BERITASEMARANG.ID – Persaingan perebutan kursi mahasiswa baru antara Perguruan Tinggi Negeri (PTN) dan Perguruan Tinggi Swasta (PTS) diprediksi semakin sengit pada tahun 2026. Menanggapi hal tersebut, Rektor Universitas BPD Jateng, Prof. Dr. Sri Tutie Rahayu, M.Si, menegaskan bahwa kualitas dan diferensiasi kurikulum menjadi kunci utama agar PTS tetap menjadi pilihan masyarakat.
Dalam gelaran Wisuda Periode I Tahun 2026, Prof. Sri Tutie mengungkapkan bahwa meskipun PTN memiliki kuota penerimaan yang jelas, PTS harus berani menonjolkan “kekhasan” yang tidak dimiliki kampus lain.
”PTN punya kuota jelas, tapi persaingan tetap ada. Yang terpenting adalah bagaimana kita meningkatkan kualitas dan punya kekhususan. Kalau kita tidak berani menyampaikan keunggulan, orang tidak akan tahu,” ujar Prof. Sri Tutie di sela acara wisuda, Kamis (30/4/2026).
Pada wisuda periode ini, Universitas BPD Jateng meluluskan 222 wisudawan yang terdiri dari:
- Magister Manajemen: 78 orang
- S1 Akuntansi: 56 orang
- S1 Manajemen: 88 orang
Tingginya minat pendaftar belakangan ini dinilai sebagai sinyal positif. Menurut Prof. Sri Tutie, kampus kini telah mencapai tahap di mana mereka bisa melakukan seleksi ketat terhadap calon mahasiswa, bukan sekadar menerima pendaftar.
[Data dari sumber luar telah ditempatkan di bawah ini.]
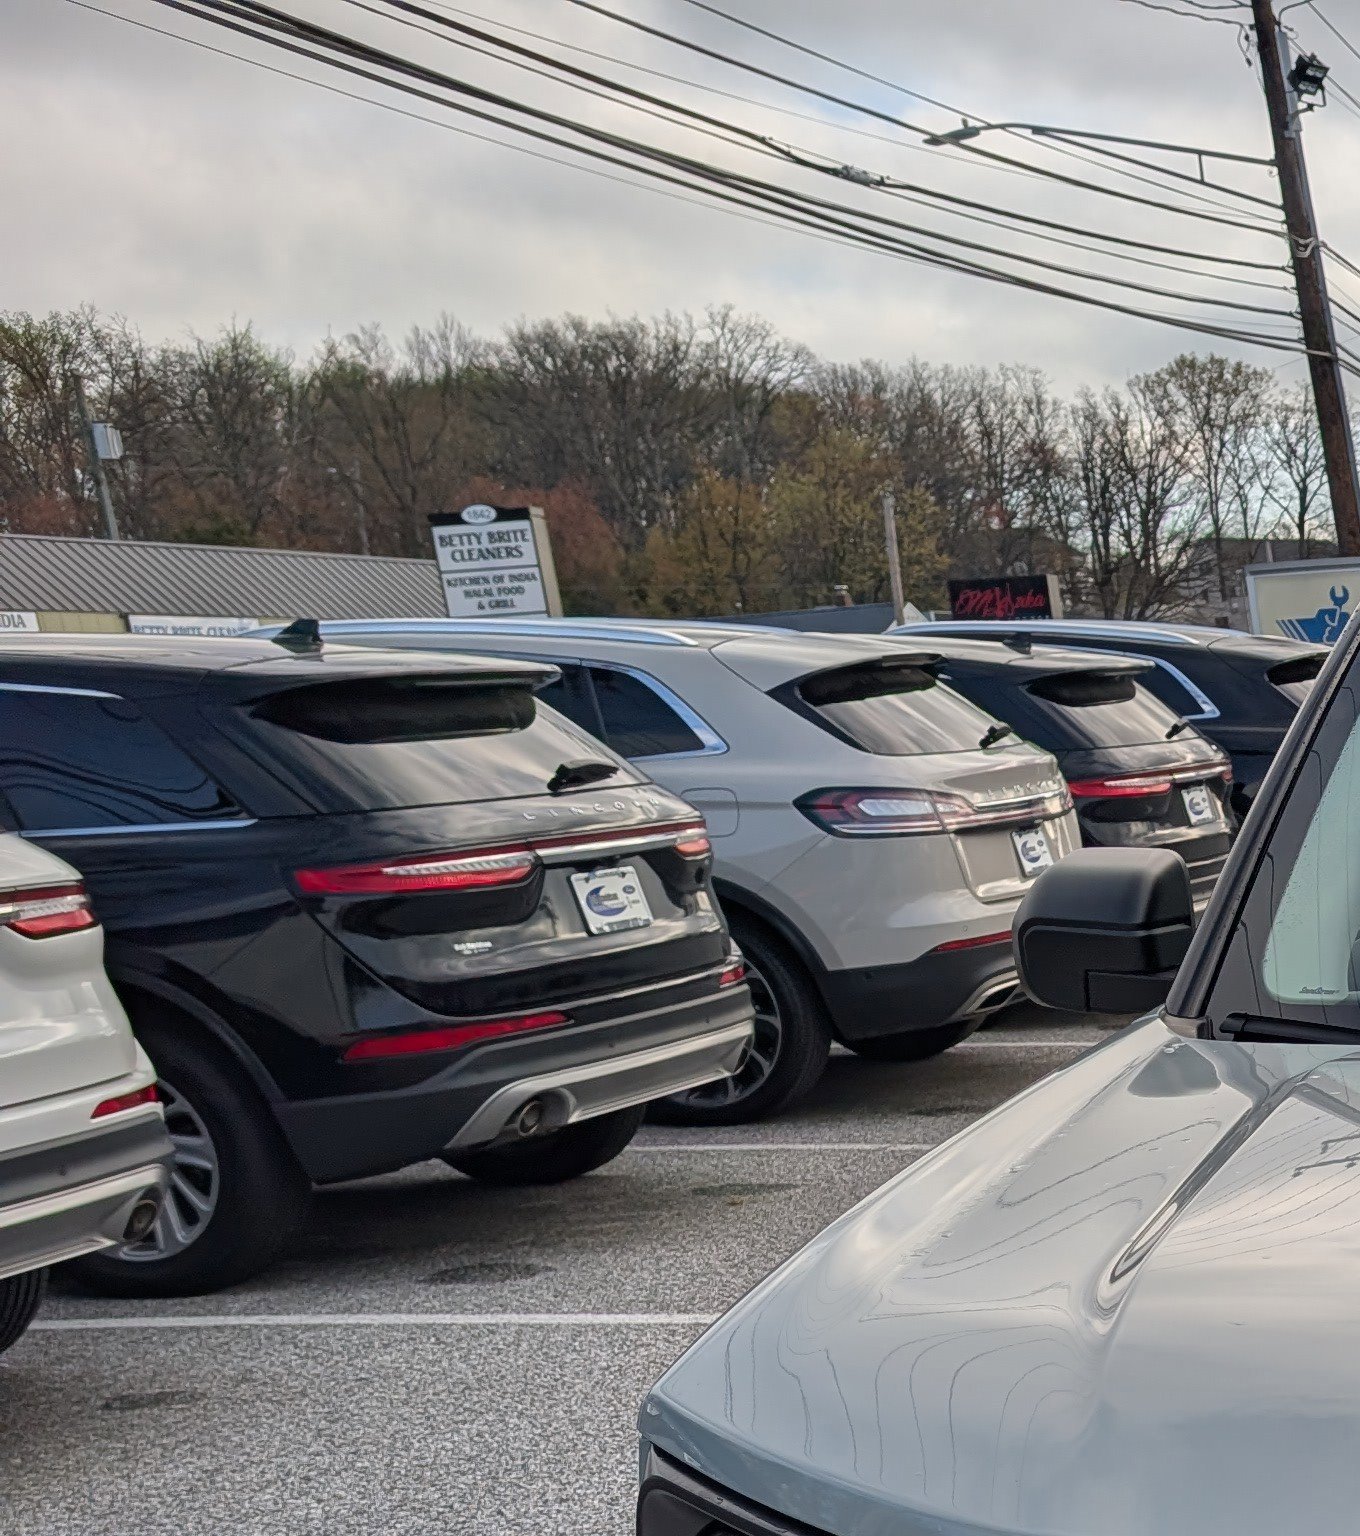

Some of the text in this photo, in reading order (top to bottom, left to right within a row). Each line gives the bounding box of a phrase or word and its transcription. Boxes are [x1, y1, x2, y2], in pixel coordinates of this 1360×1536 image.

[438, 528, 529, 548] BETTY BRITE
[450, 545, 523, 563] CLEANERS
[497, 585, 525, 596] FOOD
[0, 613, 27, 628] DIA
[523, 797, 659, 821] LINCOLN
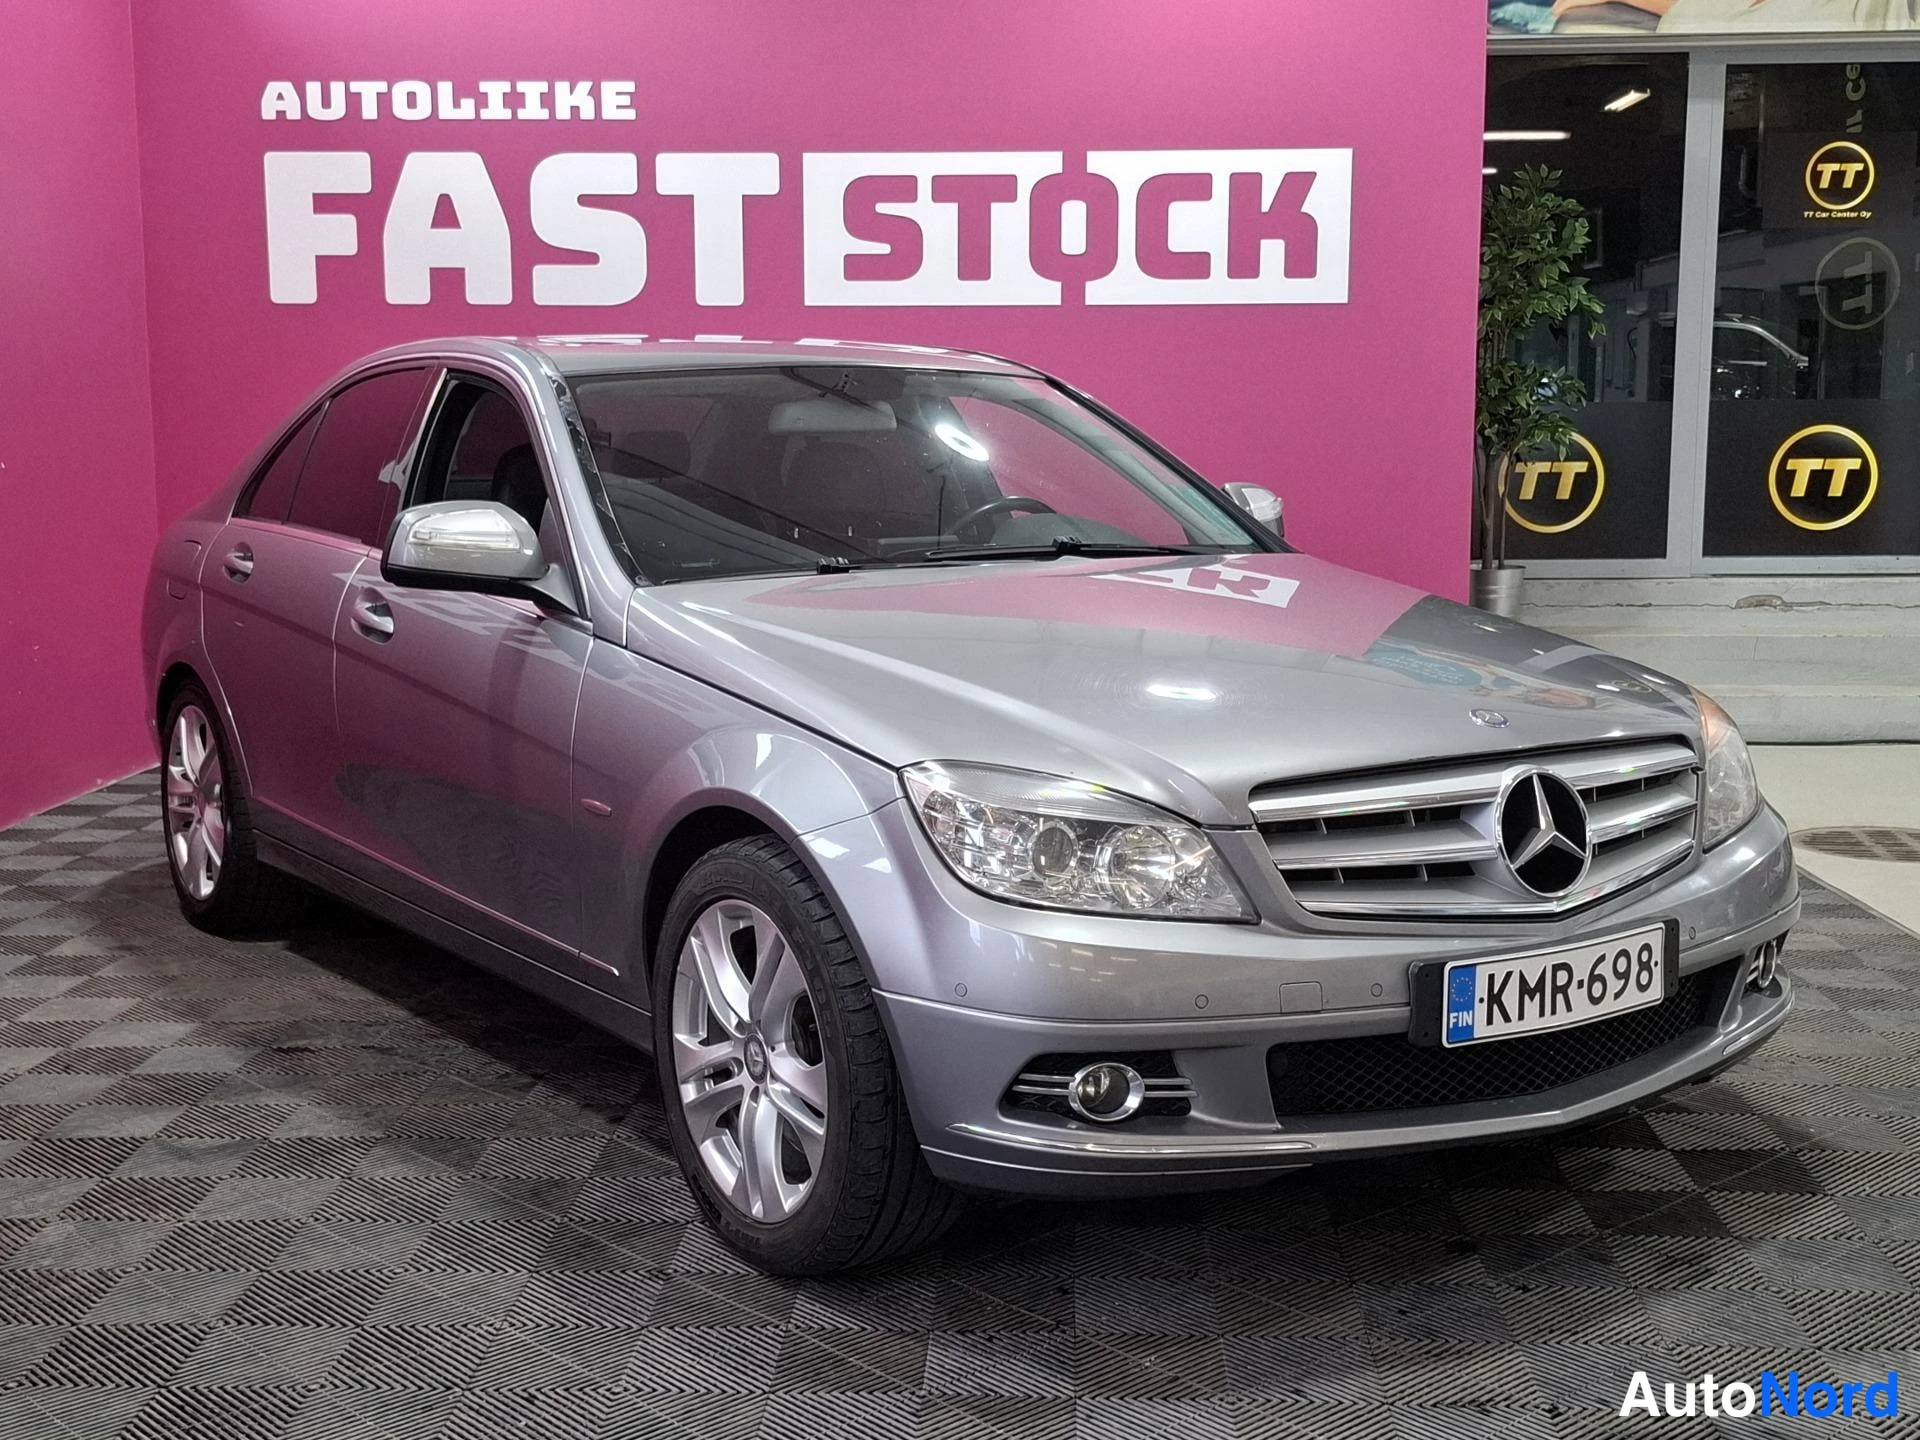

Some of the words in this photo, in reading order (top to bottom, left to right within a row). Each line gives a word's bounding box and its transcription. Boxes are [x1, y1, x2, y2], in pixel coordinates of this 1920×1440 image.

Untuk tahun ajaran 2026/2027, pihak universitas menargetkan sebanyak 670 mahasiswa baru.
Sebagai strategi menghadapi dinamika industri, Universitas BPD Jateng konsisten menonjolkan keunggulan di bidang perbankan dan keuangan. Langkah ini diperkuat dengan penerapan konsep link and match serta riset pasar rutin untuk memastikan kurikulum tetap relevan dengan kebutuhan dunia kerja.
”Harus ada keahlian khusus. Selain itu, kolaborasi nasional maupun internasional terus kita perkuat. Tanpa kolaborasi, perguruan tinggi akan tertinggal,” tambahnya.
Kualitas lulusan Universitas BPD Jateng juga mendapat pengakuan dari sektor industri. Direktur Digital dan Bisnis Konsumer Bank Jateng, Eko Tri Prasetyo, mengungkapkan bahwa kontribusi alumni kampus ini sangat signifikan.
Saat ini, tercatat sekitar 383 lulusan Universitas BPD Jateng berkarir di Bank Jateng, bahkan banyak yang telah menduduki posisi pimpinan.
“Kolaborasi ini akan terus diperkuat. Kami tidak hanya menyerap, tapi juga membekali mereka dengan pengembangan karier setelah masuk ke dunia kerja, baik di sektor perbankan maupun industri lainnya,” pungkas Eko.